Both the Quran and hadith make reference to witchcraft and the evil heart besides as to supernatural beings known in Arabic as jinn (the origin of the English give-and-take genie).22 gsi-ch4-1 To approximate how widespread belief in these supernatural forces is today, the survey asked Muslims split questions nigh witchcraft, jinn and the evil middle (divers in the survey equally the belief that certain people tin can cast curses or spells that cause bad things to happen). In nearly of the countries surveyed, roughly one-half or more than Muslims affirm that jinn exist and that the evil eye is real. Belief in sorcery is somewhat less common: half or more than Muslims in nine of the countries included in the report say they believe in witchcraft. At the same time, however, virtually Muslims agree that Islam forbids appealing to jinn or using sorcery. Every bit will exist discussed in Chapter 6, in all but one country surveyed, no more than than one-in-v say that Islam condones people appealing to jinn. Similarly low percentages say the aforementioned almost the use of sorcery (see Appeals to Jinn in Chapter 6).

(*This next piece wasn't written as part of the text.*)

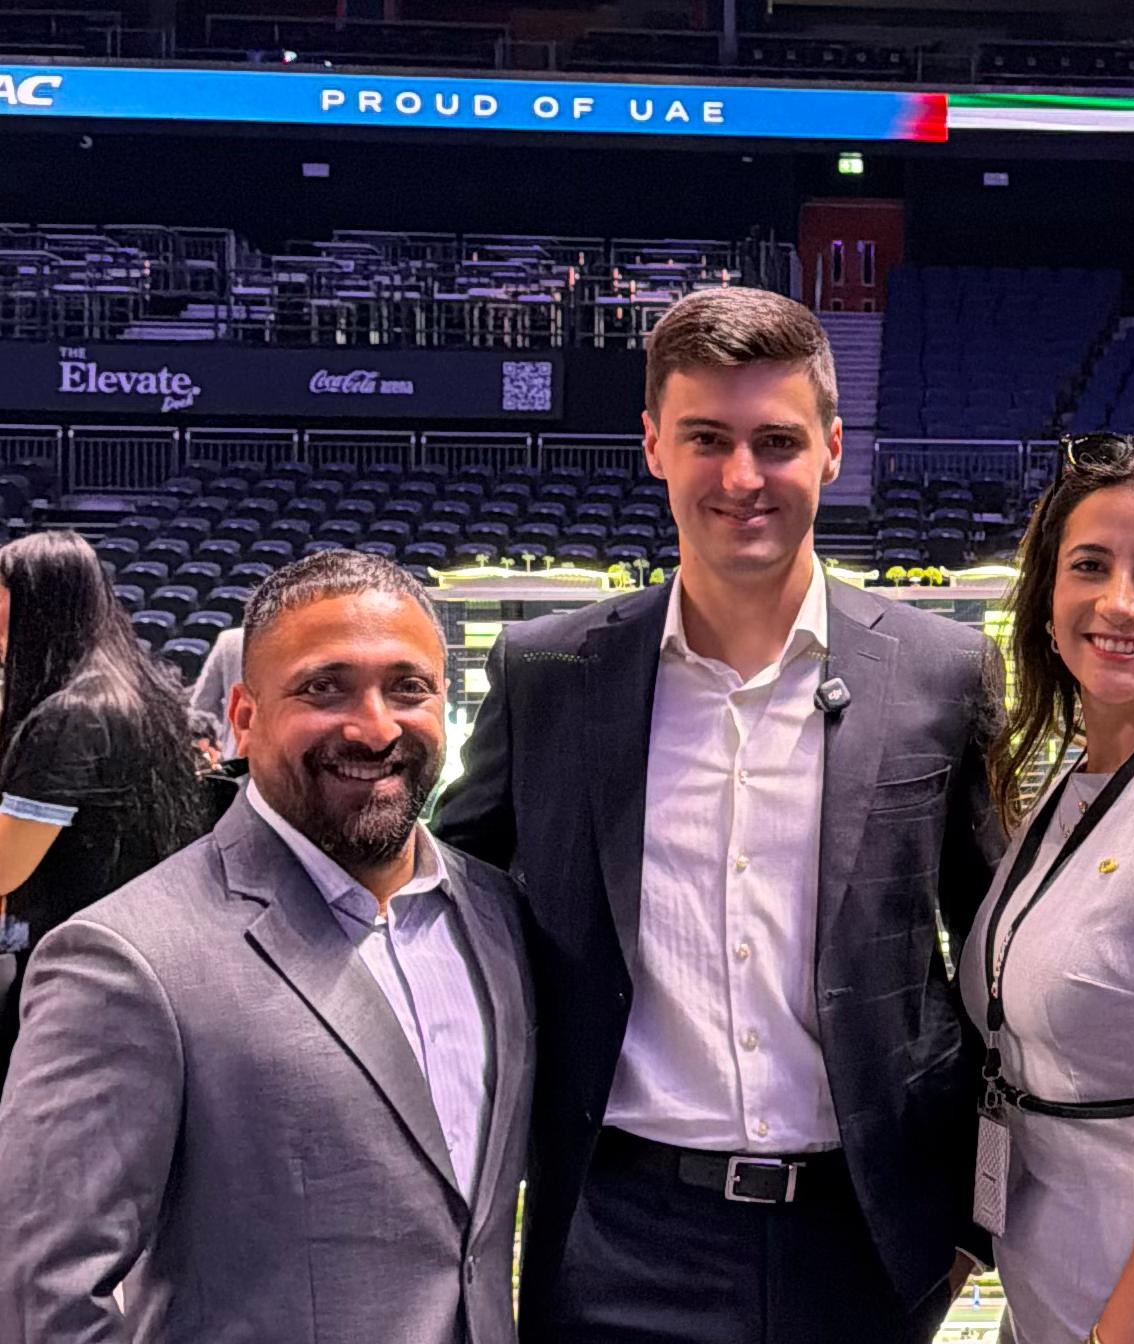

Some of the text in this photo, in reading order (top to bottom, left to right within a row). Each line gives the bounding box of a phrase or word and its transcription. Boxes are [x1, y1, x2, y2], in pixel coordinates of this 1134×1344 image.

[322, 89, 723, 123] PROUD OF UAE
[59, 346, 87, 359] THE

Islamic tradition too holds that Muslims should rely on God alone to keep them safe from sorcery and malicious spirits rather than resorting to talismans, which are charms or amulets bearing symbols or precious stones believed to have magical powers, or other means of protection. Perhaps reflecting the influence of this Islamic teaching, a big majority of Muslims in most countries say they do not possess talismans or other protective objects. The use of talismans is well-nigh widespread in Pakistan (41%) and Albania (39%), while in other countries fewer than three-in-ten Muslims say they wear talismans or precious stones for protection. Although using objects specifically to ward off the evil eye is somewhat more mutual, simply in Azerbaijan (74%) and Kazakhstan (54%) exercise more than half the Muslims surveyed say they rely on objects for this purpose.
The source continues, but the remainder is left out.